La génétique inverse consiste à introduire des changements au sein d’un génome dans le but de noter les effets engendrés. Il s’agit d’étudier un phénotype à partir d’un génotype choisi, à « l’inverse » de la génétique classique où on détermine les propriétés d’un organisme à partir du génome. Par ce moyen, des chercheurs ont réussi à introduire des mutations dans le génome de la grippe aviaire pour augmenter sa transmissibilité. Le but n’était pas d’en faire une arme biologique mais de comprendre les questions de tropismes et la fonctions des protéines de surface du virus. Mais l’application de ces travaux pourrait être détournée !

A l’initiative des chercheurs, il y a eu un moratoire récent et des données ont été modifiées, allégées et retardées dans les publications.

7- L’attaque bioterroriste : comment la repérer ?

  • Apparition d’une épidémie à germe peu courant ;
  • Agent manifestement modifié génétiquement ;
  • Taux de morbidité et/ou de mortalité anormalement élevés ;
  • Apparition géographique anormale ;
  • Apparition temporelle anormale ;
  • Maladie rare touchant un groupe particulier : jeunes, personnes âgées…

Ceci nécessite un système efficace de surveillance impliquant le secteur médical (cliniciens), les experts de la santé et les vétérinaires.

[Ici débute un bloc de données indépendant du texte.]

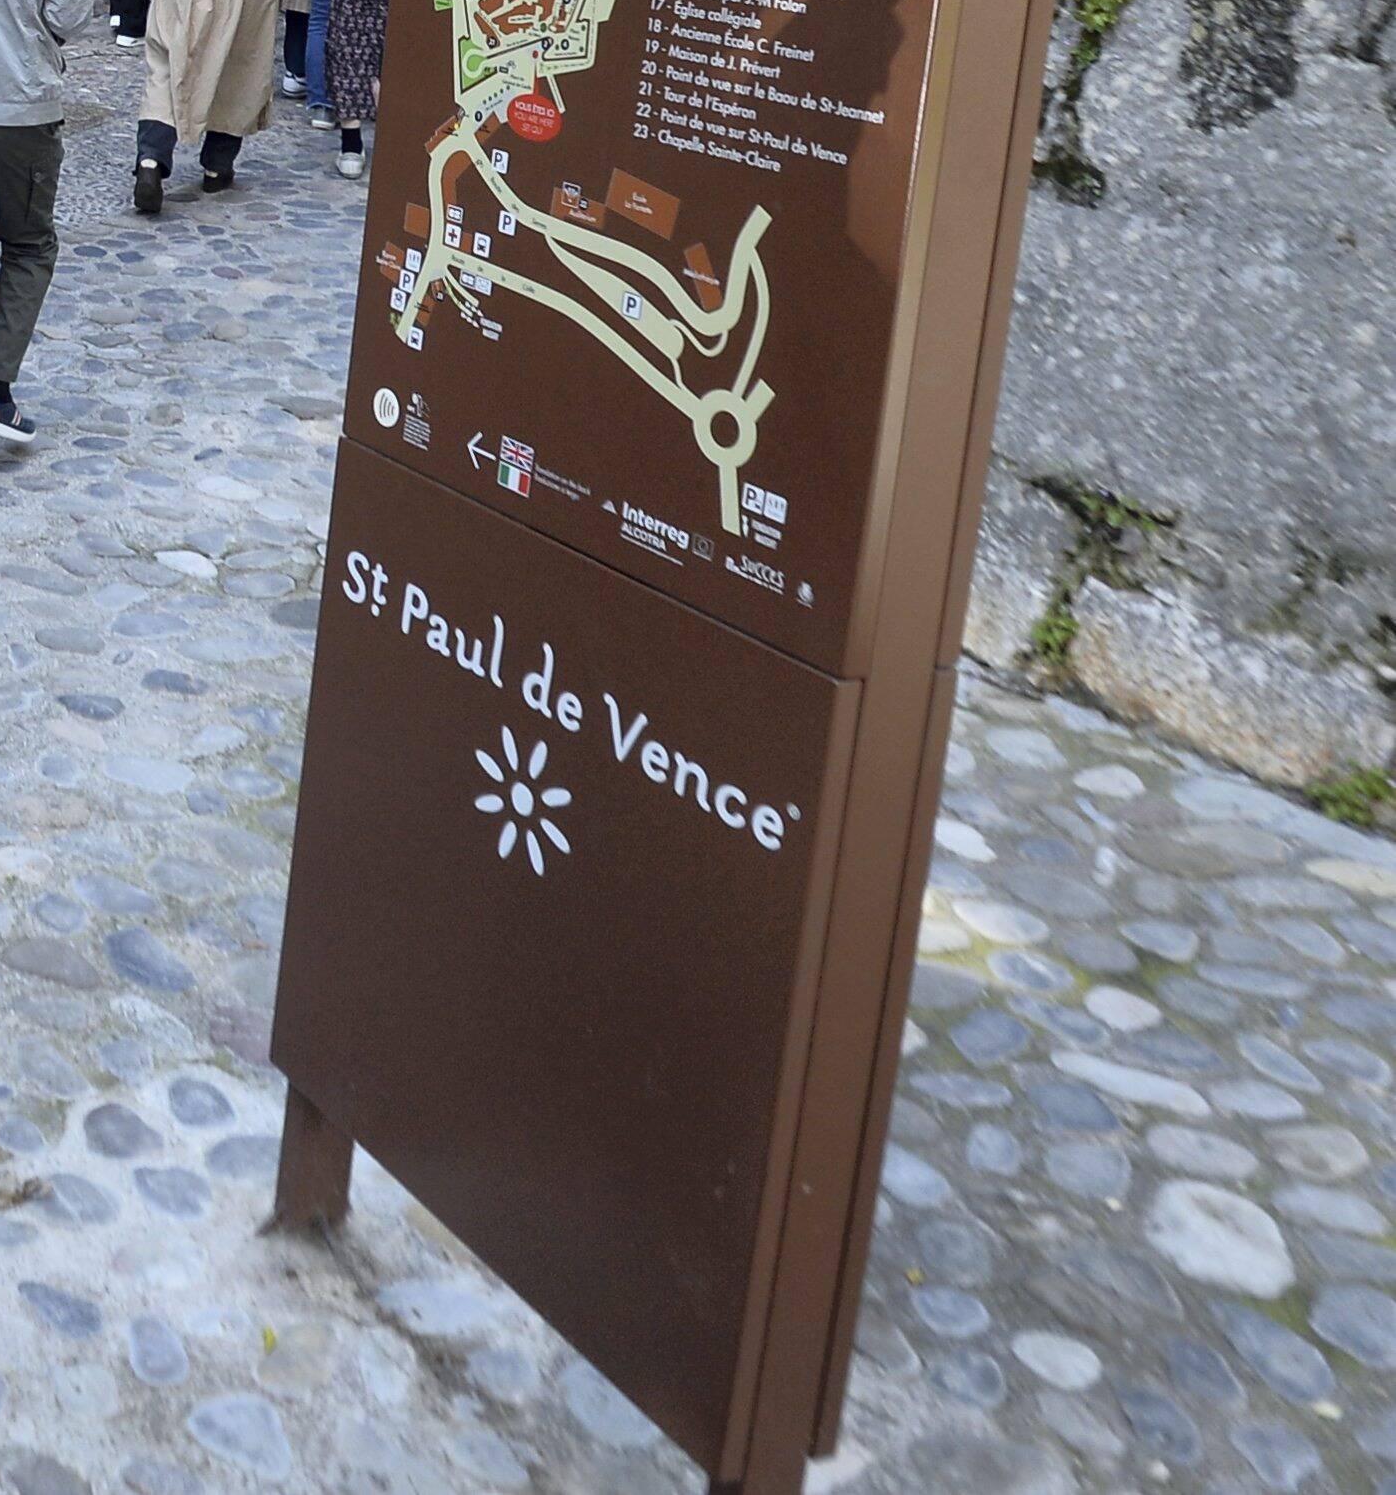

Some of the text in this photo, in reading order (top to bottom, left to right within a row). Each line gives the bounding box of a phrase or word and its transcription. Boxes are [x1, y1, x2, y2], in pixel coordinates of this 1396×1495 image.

[647, 18, 662, 33] 18
[671, 23, 722, 45] Ancienne
[645, 39, 659, 53] 19
[668, 44, 707, 64] Maison
[710, 49, 725, 68] de
[639, 81, 652, 96] 21
[664, 86, 686, 104] Tour
[688, 91, 703, 108] de
[641, 60, 657, 75] 20
[666, 65, 693, 84] Point
[695, 70, 709, 87] de
[711, 78, 732, 91] vue
[734, 83, 752, 96] sur
[801, 93, 817, 111] de
[633, 124, 649, 139] 23
[658, 128, 706, 153] Chapelle
[636, 103, 848, 165] 22 Point de vue sur St-Paul de Vence
[622, 501, 689, 550] Interreg
[341, 550, 389, 618] St
[400, 582, 503, 688] Paul
[522, 642, 582, 732] de
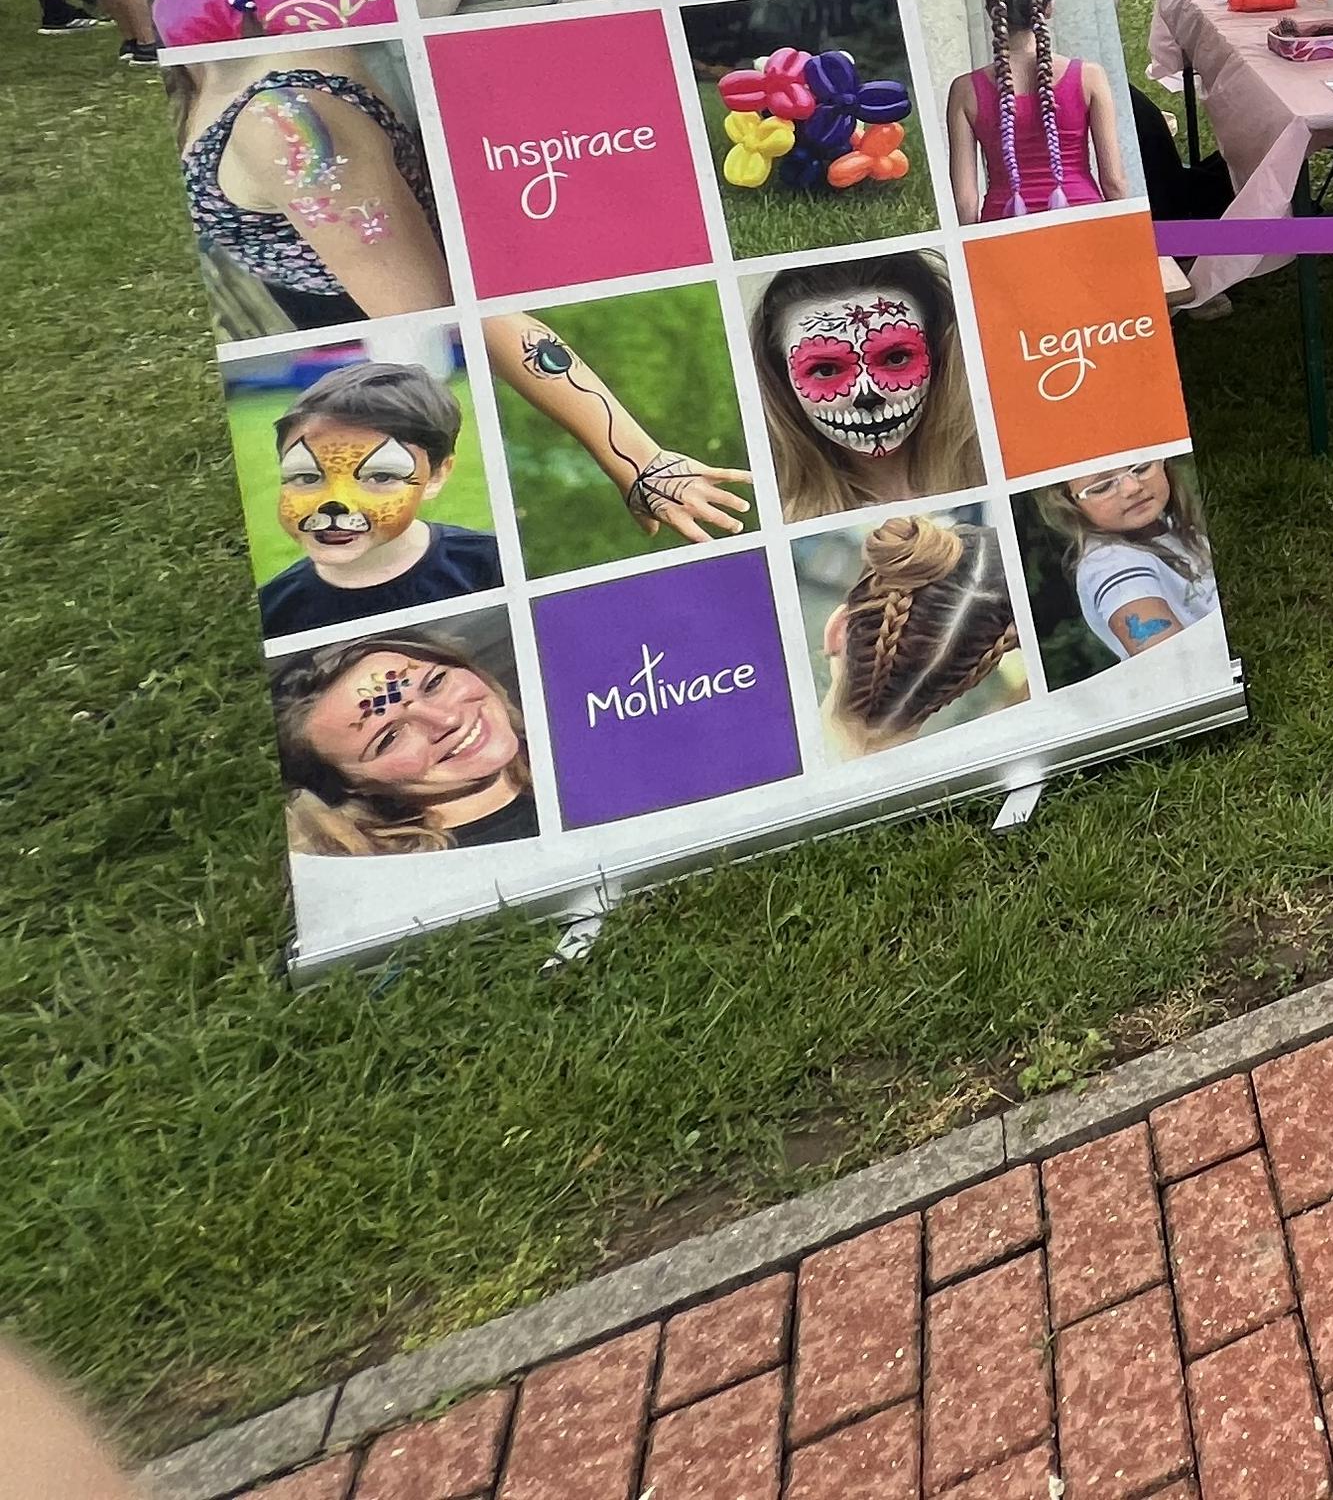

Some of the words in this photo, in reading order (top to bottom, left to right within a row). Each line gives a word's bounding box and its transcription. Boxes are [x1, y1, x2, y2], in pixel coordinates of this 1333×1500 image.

[482, 126, 656, 220] Inspirace
[1019, 316, 1155, 401] Legrace
[587, 643, 756, 728] Motivace
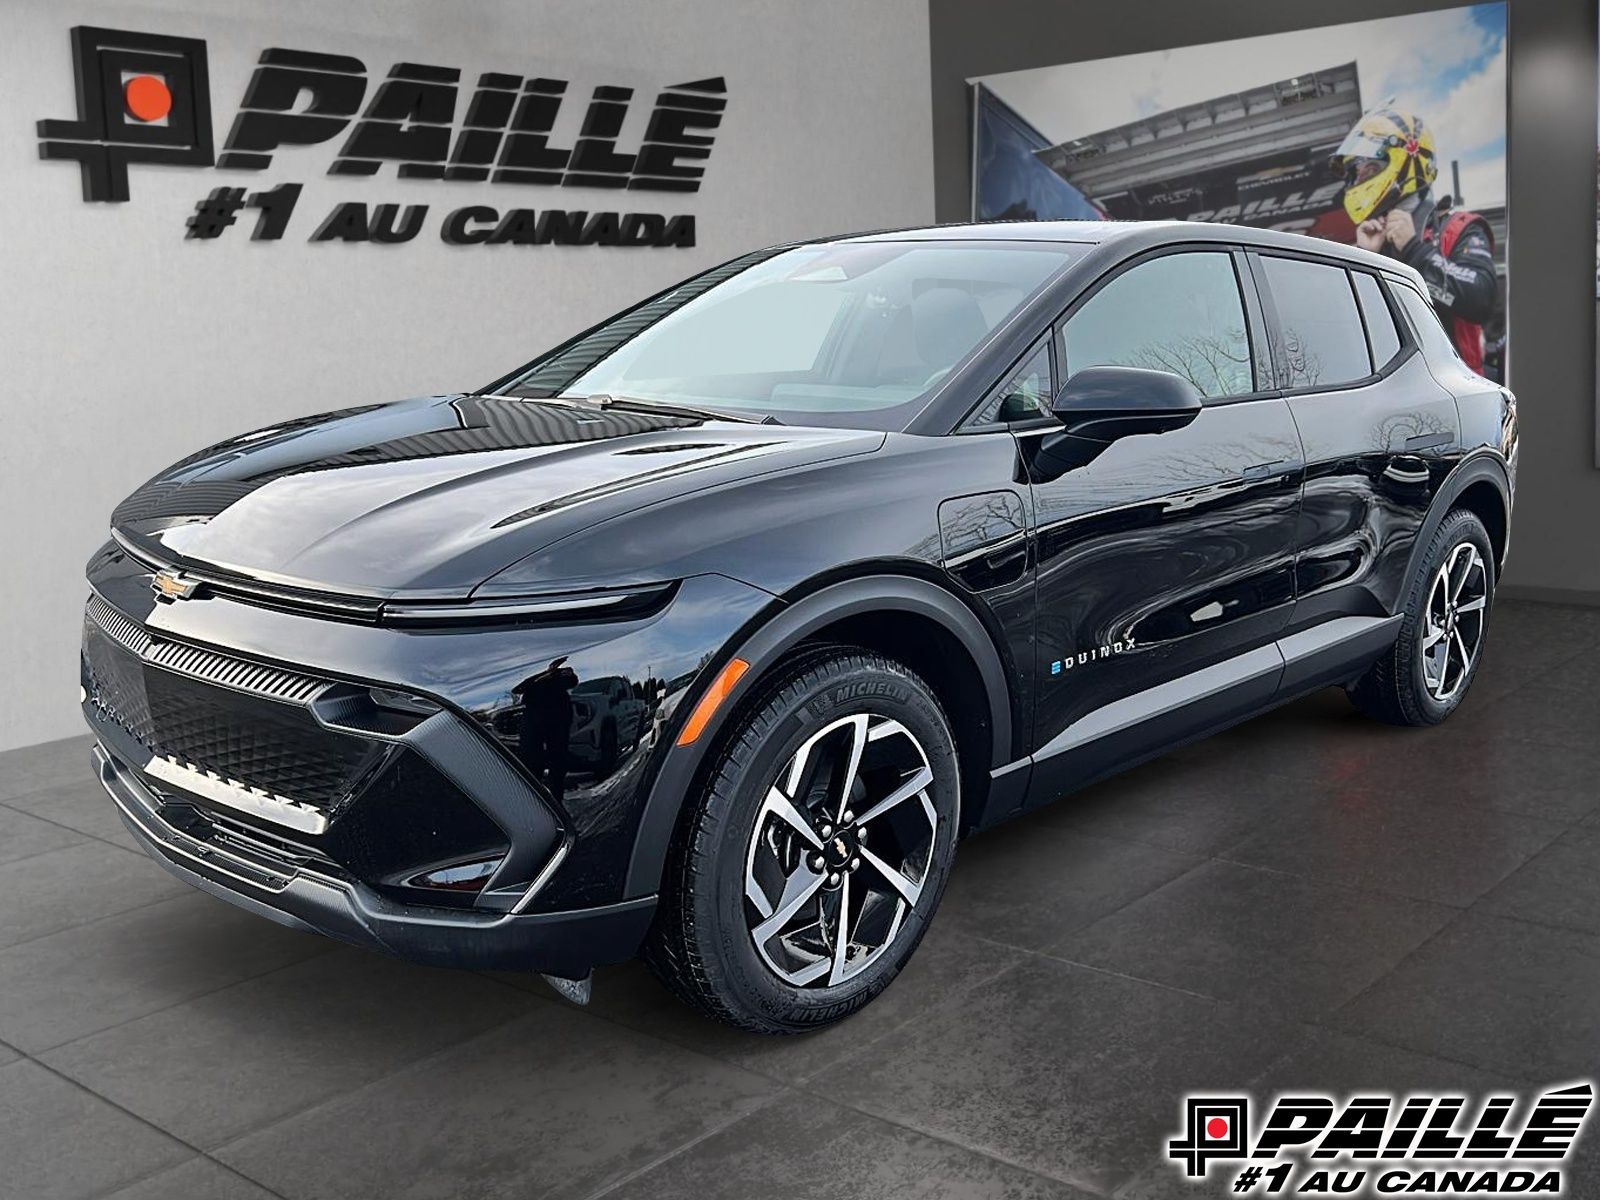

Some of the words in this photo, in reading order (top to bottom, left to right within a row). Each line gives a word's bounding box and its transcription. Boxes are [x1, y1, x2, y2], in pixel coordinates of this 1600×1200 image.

Problème : partout dans le monde, il peut apparaître des maladies infectieuses émergentes d’origine inconnue, pouvant être, comme tout phénomène épidémique classique, confondues avec une attaque terroriste.

Une identification rapide du germe aiderait à mettre en route rapidement les mesures prophylactiques et antibiotiques adéquat.

Il faut bien se dire que si les progrès de la biologie peuvent jouer en faveur de ceux qui qui veulent les utiliser à mauvais escient, ils sont aussi la base des nouveaux moyens de détection, de nouveaux diagnostics et de nouveaux traitements. Le recherche est très active dans ce domaine.

Conclusion

L’utilisation d’agents biologiques à des fins militaires est complexe. Elle nécessite des compétences en biologie ainsi qu’un minimum de technologies pour les militariser :  les grands organismes militaires de recherche comme l’unité 731, ont mis énormément de moyens sur ce thème, avec un grand nombre de moyens financiers et humains sans résultats probants. La militarisation menant à une arme de destruction massive est très difficile, ce qui semble limiter pour le moment leur utilisation aux seuls groupes terroristes. Bien que leurs modes de dissémination en milieu ouvert soient variés (épandage, diffusion en milieu liquide, alimentation, matériel explosif…), les «résultats obtenus» restent très aléatoires. Le risque en milieu confiné est donc le plus prégnant.

Les nouveaux moyens de la biologie moléculaire pourraient être utilisés à des fins terroristes mais aussi par les biologistes garants de notre sécurité afin de détecter et identifier les menaces et pour mettre au point les traitements du futur.